Wilbur had worked himself up to a high pitch of excitement, and his father quailed beneath his eye.
“I will atone for the past,” said Hilton Field.
“It is too late, old man!” exclaimed the son. “I can never be other than I am, a thief, the friend of thieves, a counterfeiter, a forger and a murderer.”
“Think of your mother!”
“Did you think of her, or did you pay any heed to her appeals when you turned me from your door?” cried Wilbur. “Did you not threaten her, that if she extended any aid to me that you would cast her off? Do I not speak the truth, old man? What do your millions and that blue blood that has always been your boast avail you now? Downstairs are men that at a word from me would take your life.”

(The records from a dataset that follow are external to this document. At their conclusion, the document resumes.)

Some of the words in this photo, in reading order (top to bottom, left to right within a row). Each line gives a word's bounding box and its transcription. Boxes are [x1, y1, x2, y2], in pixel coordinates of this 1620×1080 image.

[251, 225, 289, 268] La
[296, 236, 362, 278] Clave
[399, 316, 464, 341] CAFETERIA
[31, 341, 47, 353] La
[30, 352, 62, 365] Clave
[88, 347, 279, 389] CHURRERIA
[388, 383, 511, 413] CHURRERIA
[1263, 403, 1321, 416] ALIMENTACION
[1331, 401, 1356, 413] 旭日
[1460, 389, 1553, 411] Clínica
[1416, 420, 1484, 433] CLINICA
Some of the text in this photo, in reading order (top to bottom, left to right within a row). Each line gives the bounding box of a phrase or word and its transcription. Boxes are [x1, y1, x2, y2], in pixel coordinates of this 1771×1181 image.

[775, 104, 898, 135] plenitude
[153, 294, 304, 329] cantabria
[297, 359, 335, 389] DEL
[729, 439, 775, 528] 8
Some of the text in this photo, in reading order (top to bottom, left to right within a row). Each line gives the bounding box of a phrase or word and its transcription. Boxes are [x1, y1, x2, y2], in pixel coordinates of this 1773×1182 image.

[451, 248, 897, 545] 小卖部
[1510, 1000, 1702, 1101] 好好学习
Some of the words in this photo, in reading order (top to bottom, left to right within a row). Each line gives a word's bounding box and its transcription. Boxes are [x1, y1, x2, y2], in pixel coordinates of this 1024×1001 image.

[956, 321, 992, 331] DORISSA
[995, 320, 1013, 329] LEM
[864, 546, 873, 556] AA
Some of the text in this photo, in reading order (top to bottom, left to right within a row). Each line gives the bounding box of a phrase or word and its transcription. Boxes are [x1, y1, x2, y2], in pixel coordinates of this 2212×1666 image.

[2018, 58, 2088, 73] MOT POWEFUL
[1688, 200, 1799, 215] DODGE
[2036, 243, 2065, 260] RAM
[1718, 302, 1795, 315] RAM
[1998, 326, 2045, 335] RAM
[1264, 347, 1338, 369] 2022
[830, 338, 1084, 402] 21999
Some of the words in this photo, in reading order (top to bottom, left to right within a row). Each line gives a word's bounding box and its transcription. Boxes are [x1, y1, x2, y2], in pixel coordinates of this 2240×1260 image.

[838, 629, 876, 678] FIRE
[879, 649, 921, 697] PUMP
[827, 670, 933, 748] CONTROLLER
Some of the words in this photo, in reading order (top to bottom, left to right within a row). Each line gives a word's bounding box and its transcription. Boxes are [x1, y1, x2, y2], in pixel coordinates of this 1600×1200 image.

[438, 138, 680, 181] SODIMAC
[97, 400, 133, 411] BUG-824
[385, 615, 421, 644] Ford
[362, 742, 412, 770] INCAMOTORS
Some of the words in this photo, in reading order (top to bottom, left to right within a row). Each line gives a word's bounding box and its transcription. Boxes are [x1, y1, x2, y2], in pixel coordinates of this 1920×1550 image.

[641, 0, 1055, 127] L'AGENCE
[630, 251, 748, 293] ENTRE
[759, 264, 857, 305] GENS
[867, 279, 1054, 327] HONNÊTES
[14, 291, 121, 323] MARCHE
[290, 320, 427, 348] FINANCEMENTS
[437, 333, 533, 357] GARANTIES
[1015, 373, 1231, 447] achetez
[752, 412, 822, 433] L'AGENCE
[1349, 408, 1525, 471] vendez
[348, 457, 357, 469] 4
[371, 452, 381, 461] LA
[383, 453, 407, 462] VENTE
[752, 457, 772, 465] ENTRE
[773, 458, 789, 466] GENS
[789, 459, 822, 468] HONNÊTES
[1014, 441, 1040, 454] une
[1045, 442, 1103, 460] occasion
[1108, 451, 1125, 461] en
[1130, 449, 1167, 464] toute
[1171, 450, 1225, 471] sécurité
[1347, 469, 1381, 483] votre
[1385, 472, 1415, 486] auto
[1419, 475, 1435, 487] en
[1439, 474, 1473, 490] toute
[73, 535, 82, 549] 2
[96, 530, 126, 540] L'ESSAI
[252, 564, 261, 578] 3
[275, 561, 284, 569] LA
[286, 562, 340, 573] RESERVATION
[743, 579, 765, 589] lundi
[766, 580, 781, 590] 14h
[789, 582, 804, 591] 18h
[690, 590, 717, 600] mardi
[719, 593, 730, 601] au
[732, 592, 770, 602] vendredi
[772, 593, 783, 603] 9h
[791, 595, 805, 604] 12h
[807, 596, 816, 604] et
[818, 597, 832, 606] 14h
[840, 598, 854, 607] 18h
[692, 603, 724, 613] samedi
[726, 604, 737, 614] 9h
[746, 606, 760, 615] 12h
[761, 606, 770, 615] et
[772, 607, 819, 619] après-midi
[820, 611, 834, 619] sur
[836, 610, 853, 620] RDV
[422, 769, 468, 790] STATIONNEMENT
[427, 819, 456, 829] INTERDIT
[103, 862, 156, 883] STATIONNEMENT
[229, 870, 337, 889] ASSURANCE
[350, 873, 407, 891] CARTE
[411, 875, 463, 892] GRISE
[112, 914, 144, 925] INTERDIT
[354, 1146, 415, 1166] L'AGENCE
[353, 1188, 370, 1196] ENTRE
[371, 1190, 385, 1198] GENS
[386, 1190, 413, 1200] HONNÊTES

“I repeat,” said the father, “that I will atone for the past. I will recognize your wife and children—I believe you are a father—and take you back. Think of your sister, how she suffers because of me.”
“Bah! you taught her to hate me long ago,” said Wilbur.
“Give up this life,” pleaded the banker. “I will give you half of what I possess.”
“I want it not,” was the rejoinder; “all your millions could not make white my blood-stained soul. Some day I may reach the gallows, and it will read nicely in fashionable society that the son of the banker, Hilton Field, was hanged for murder.”
Once more the gray-haired old men knelt at his son’s feet.